Boosting Vitamins? This is How You Can Increase Your Energy

Recently, there has been a lot of buzz about increasing one’s energy levels, and finding natural ways to clear the mind and function at one’s best. Of course, if one is looking for the natural solution, there are simple guidelines that one can follow.

Eating a well-balanced diet — This is, put simply, the cornerstone of nutrition. A proper diet ensures that the body has all of the vitamins and minerals that it needs to function properly, and this is a large reason that many people have health complaints. 

Exercising regularly — Exercising regularly is imperative. Along with increasing cardiovascular health, there is nothing like it in terms of reducing stress and clearing the head, which can lead to someone feeling sharper and more alert. 

Getting enough sleep — And, a good night’s rest– you’d be hard pressed to find someone to tell you they perform better with fewer hours of sleep, and this is, of course, because sleep is where the body resets, where cells get the rest that they need to start the following day freshened and able to properly work. 

These are the natural ways to increase your vitality and, generally, become a healthier person. But, especially when balancing health with the stressors and rigors of day to day life, these are not always possible, due to the time and energy that they might require. 

Fortunately, there are many vitamins and supplements that exist in the world, that your body uses as the building blocks for proper cellular function, which, on a human-body scale, is what makes you feel properly energized and focused. Take these dope as vitamins: 


Ashwagandha is one of the most important medicinal herbs in Indian Ayurveda, which is one of the world’s oldest medicinal systems– has been harvested for centuries for its root and berry, which are the parts of it that have historically been used to make medicine, and are still used today. It is thought to increase energy by enhancing the body’s natural resilience to physical and mental stress.

It is also used as an adaptogen, which is a medicinal plant that has been historically used to treat and assist the body in fighting disease. In one study, published by the National Institutes of Health (1), people that were given ashwagandha responded positively to it in terms of stress management– in summary, they showed significant improvement in several markers of stress and anxiety compared to those that were simply given a placebo. Most notably, they had 28% lower levels of cortisol, a hormone that increases in response to stress– it can be therefore surmised that it was the Ashwagandha that has some effect on cortisol level, which can be translated into a lower perceived feeling of stress. 


CoQ10 is the name of something that is colloquially known as coenzyme Q10. This is a coenzyme family that is ubiquitous in animals and most bacteria. It is naturally produced in the human body, and over the counter it comes in a few forms, including ubiquinone and ubiquinol– what ubiquitous means in the case of the human body is that it is found in all cells.

All cells contain CoQ10– although the highest concentrations of these cells are found in the heart, kidneys, and liver. Cells use this coenzyme to make energy and protect themselves from oxidative damage.  When the levels of CoQ10 decline, the cells cannot produce the energy required to grow and stay healthy, which may contribute to some peoples’ feelings of fatigue. 
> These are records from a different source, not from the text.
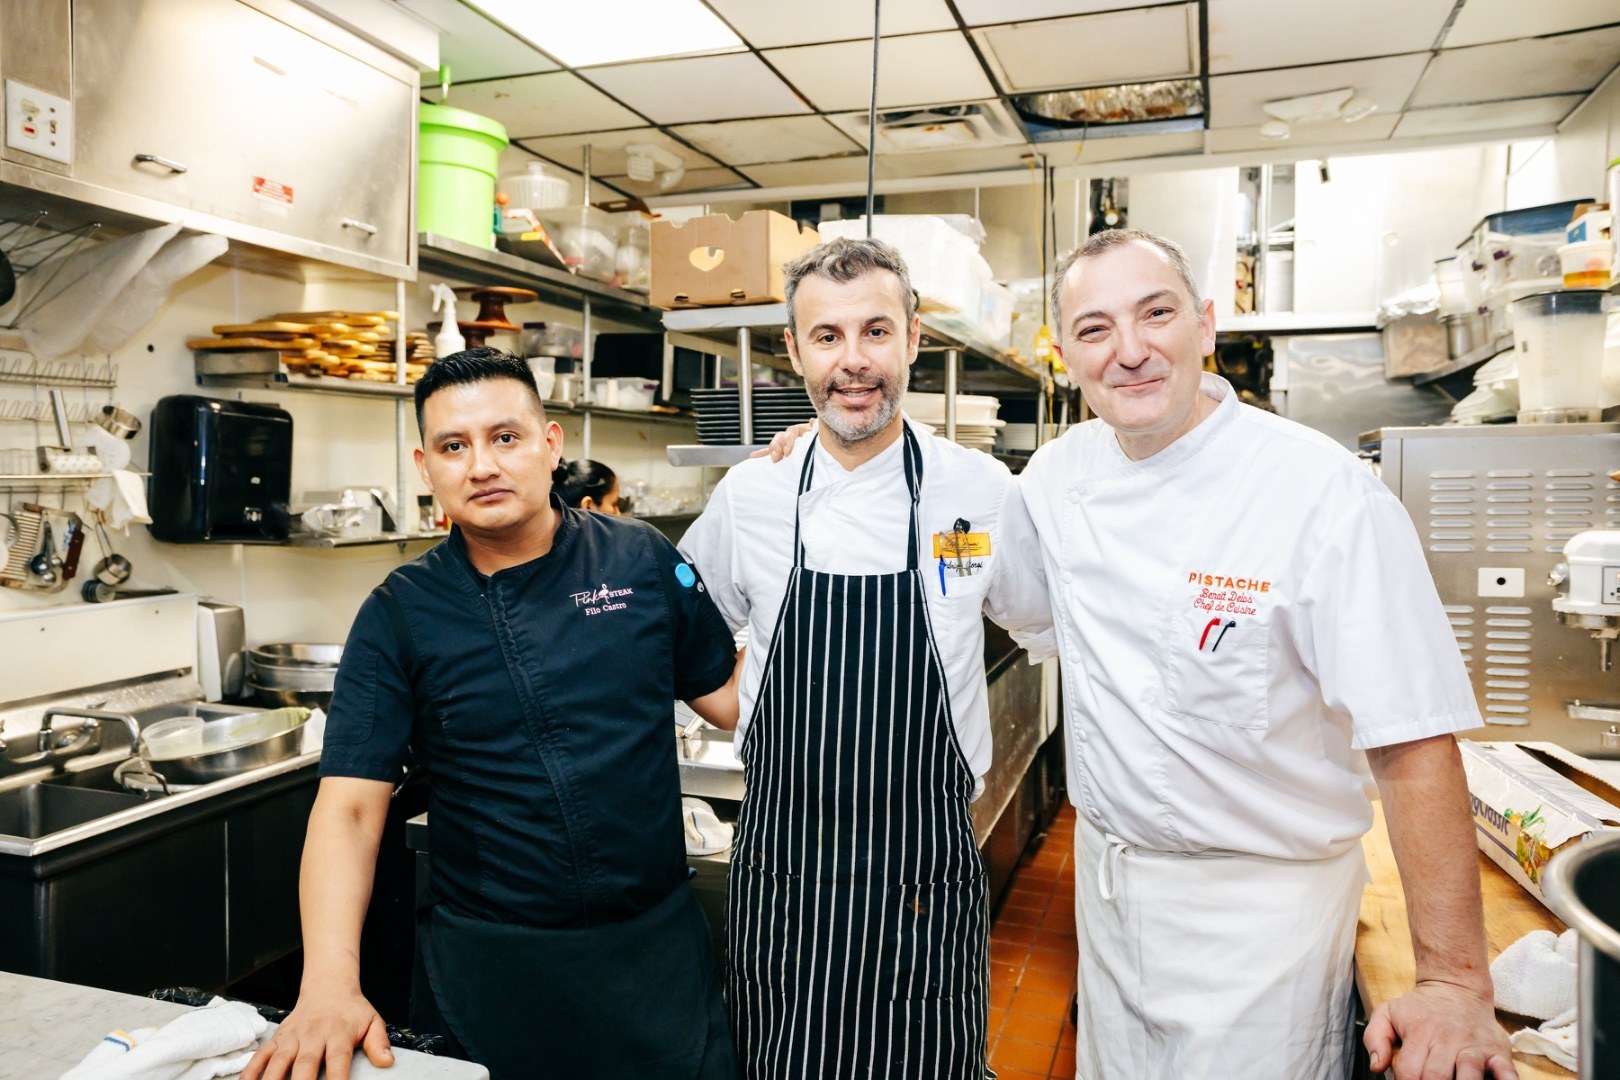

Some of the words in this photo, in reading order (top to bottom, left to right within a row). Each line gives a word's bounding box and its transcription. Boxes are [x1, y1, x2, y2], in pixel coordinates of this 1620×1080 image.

[1188, 572, 1271, 593] PISTACHE
[609, 588, 634, 598] STEAK
[602, 603, 627, 612] Castro
[1193, 598, 1214, 614] Chef
[1215, 602, 1225, 611] de
[1227, 602, 1257, 616] Cuisine
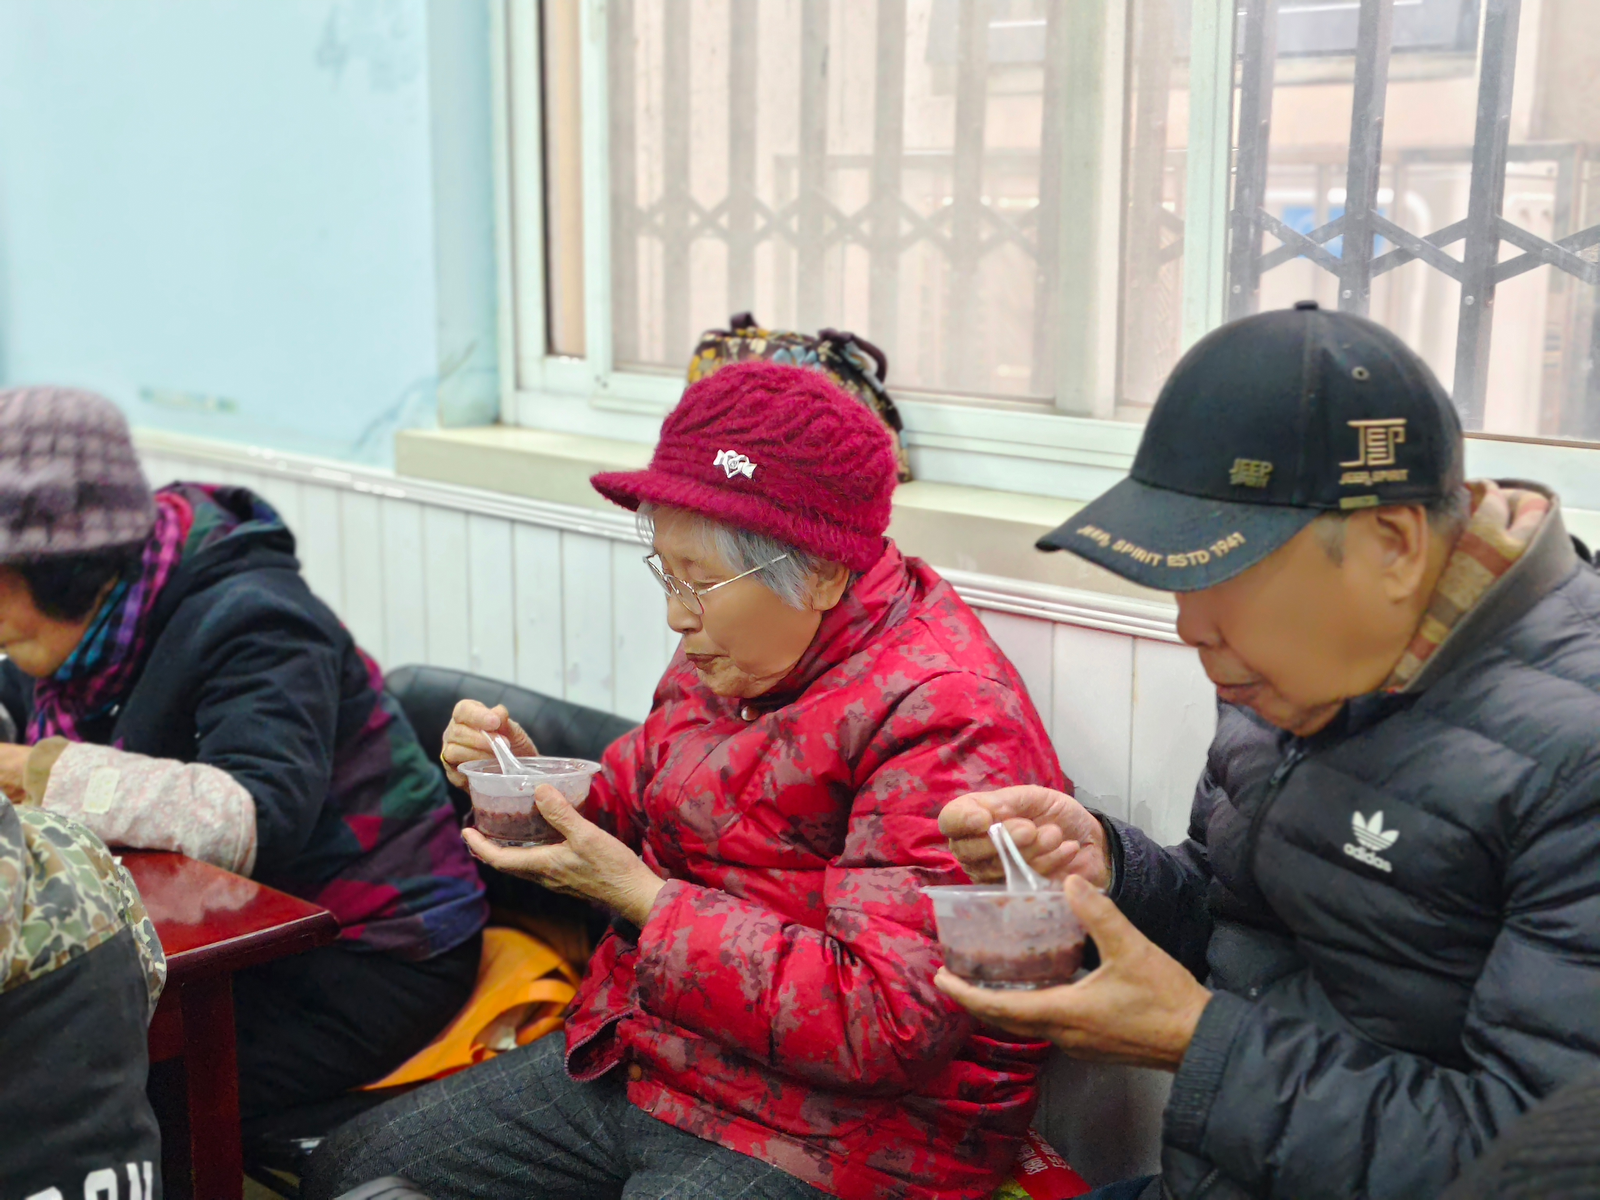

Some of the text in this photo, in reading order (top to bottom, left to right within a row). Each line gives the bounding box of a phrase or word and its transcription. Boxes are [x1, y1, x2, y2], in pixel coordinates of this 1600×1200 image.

[1167, 549, 1210, 567] ESTD
[1210, 532, 1246, 557] 1941
[1343, 843, 1392, 873] adidas
Fish, meat, and nuts would be the natural source of this coenzyme for human consumption, though there is no widely available food in which the CoQ10 amounts would be large enough to cause a significant increase within the human body without overconsumption– this leaves one option: supplements. (2) 

The main cause for the decrease in levels of coenzyme Q10 is age, and it may be especially low in people with heart failure or heart disease, certain cancers, type 2 diabetes or in people who take statins, a class of medications that is used to lower the level of cholesterol present in the blood– and it is in these people that coenzyme Q10 supplements would be of the most benefit, since research suggests that supplements would be unlikely to increase energy in people that already have the appropriate levels of the enzyme (2). In summary, the real benefactors of coenzyme Q10 supplementation would be older people with reduced levels of it present in their body, or anyone who suffers from one of the conditions listed above. 

Vitamin B12

The B vitamins play a vital role in maintaining the good health and well-being of the human body. They have a direct impact on energy levels, brain function, and cell metabolism– which means that B vitamins, and especially Vitamin B1, have a profound effect on assisting in transforming the food you eat into usable energy for your cells. 
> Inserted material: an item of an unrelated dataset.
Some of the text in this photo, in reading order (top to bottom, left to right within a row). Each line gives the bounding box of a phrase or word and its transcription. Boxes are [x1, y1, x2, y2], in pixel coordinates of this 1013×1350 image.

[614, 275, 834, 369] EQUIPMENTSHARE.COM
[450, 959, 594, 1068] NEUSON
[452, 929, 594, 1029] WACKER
It also keeps nerves and blood cells healthy, which is important for regular day-to-day function and energy levels, and helps prevent a type of anemia, which is a condition caused by low red blood cell count and can very often cause symptoms of weakness and sluggishness. 

Luckily, unlike coenzyme Q10, which is not found in high quantities in food, and Ashwagandha, which is a plant found natively only in a specific corner of the world, Vitamin B12 is found in a wide variety of foods– primarily, it is found in animal proteins including meat, fish, and dairy products. Many foods that Americans eat are also artificially fortified in B12, which allows them to meet the recommended daily value of B12 (3) through a diet that can include things such as vegan spreads, non-dairy milk, and many breakfast cereals. 
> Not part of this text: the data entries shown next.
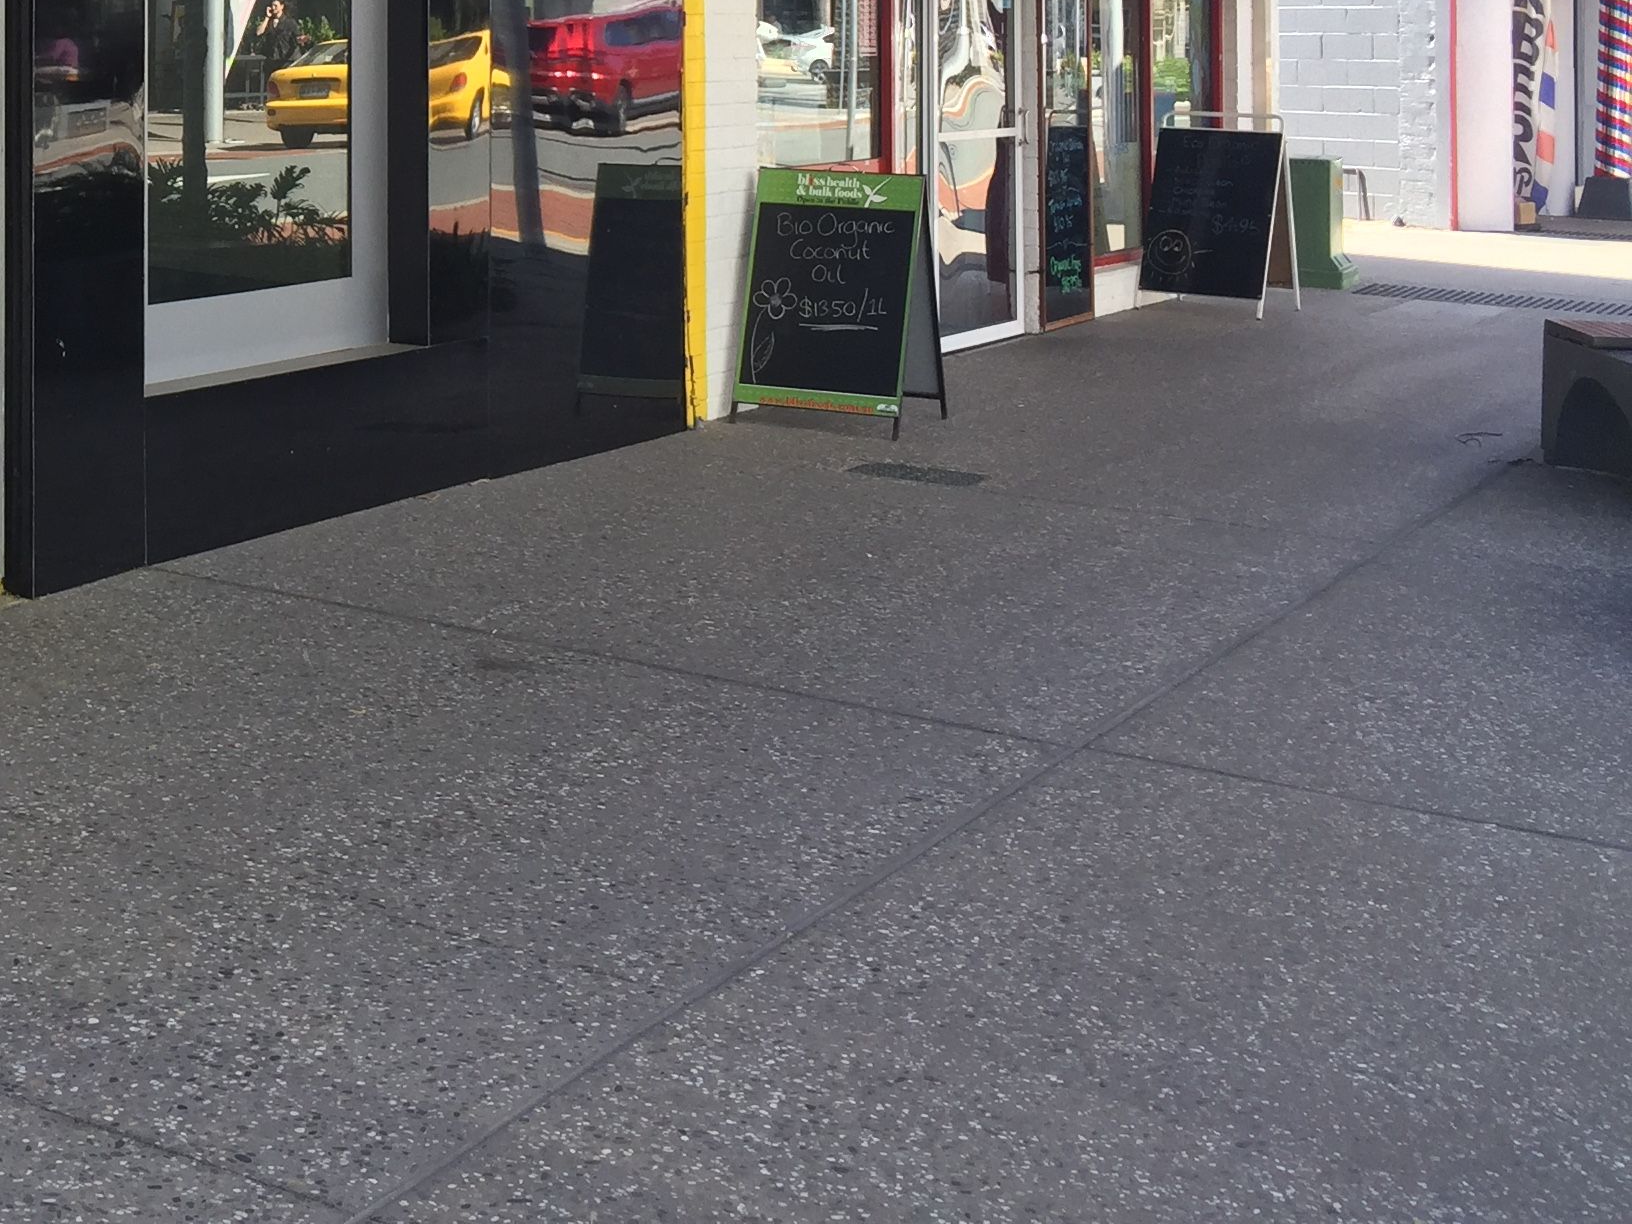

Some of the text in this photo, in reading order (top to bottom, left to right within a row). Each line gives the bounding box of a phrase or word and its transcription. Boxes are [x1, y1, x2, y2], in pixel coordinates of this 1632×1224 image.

[796, 185, 862, 198] & bulk foods
[827, 176, 860, 188] health
[777, 212, 895, 249] Bio Organic
[790, 238, 870, 260] Coconut
[811, 264, 846, 284] Oil
However, that does not mean that it is impossible to develop a B12 deficiency, which occurs when the body does not get enough of the vitamin, or is not able to absorb it properly. This can lower the efficiency of regular bodily functions such as cellular respiration, which can lead to feelings of sluggishness. A vitamin boost with B12 in the following at-risk demographics may lead to increased energy levels: 

  • Older Adults: Approximately 10-30% of the adults that are over the age of fifty have difficulty absorbing Vitamin B12 from the food that they eat. This is because they produce less of the proteins and acids that are required to properly break down the vitamin in the stomach and absorb it through the intestines. (4) 
  • Vegans: Vegans and vegetarians, due to dietary restrictions that include foregoing animal products, are some of the more at-risk people for a Vitamin B12 deficiency. This is because animal foods, specifically animal proteins, are the only natural sources of B12. 
  • Gastrointestinal Disorders: Those who suffer from conditions that affect the gastrointestinal tract, such as celiac or Crohn’s disease, which both can lead to the improper absorption of nutrients including B12. 


Iron is a necessary nutrient for proper vital functions because the body needs it for the creation of hemoglobin. Hemoglobin is a protein that is found in red blood cells, and is what is responsible for transporting the oxygen that is gathered in the lungs to the organs and tissues that need it throughout the body. Without sufficient amounts of iron present in the body, the red blood cells cannot do their primary job– delivering oxygen to the tissues in the body. 

The result of this is, of course, an iron deficiency anemia, which is a lack of red blood cells present in the body due to a lack of iron, and this may leave the person suffering from it leaving fatigued and weak. The causes of iron deficiency anemia can include: 

Iron-Poor Diet: Primarily, it is people who do not get sufficient iron through their food, as a varied diet can be all that is required to ensure proper micronutrientation. The richest sources of iron that are available in the human diet are meat and seafood– for this reason, vegans and those who forego these sources of iron require roughly 1.8 times the amount of iron in their diet as omnivorous humans. 

Blood Loss: More than half of the iron that is present in the body is in the blood. Therefore, heavy periods or internal bleeding, or other traumatic injury, can dramatically deplete levels of iron in the body, causing feelings of sluggishness and lightheadedness. 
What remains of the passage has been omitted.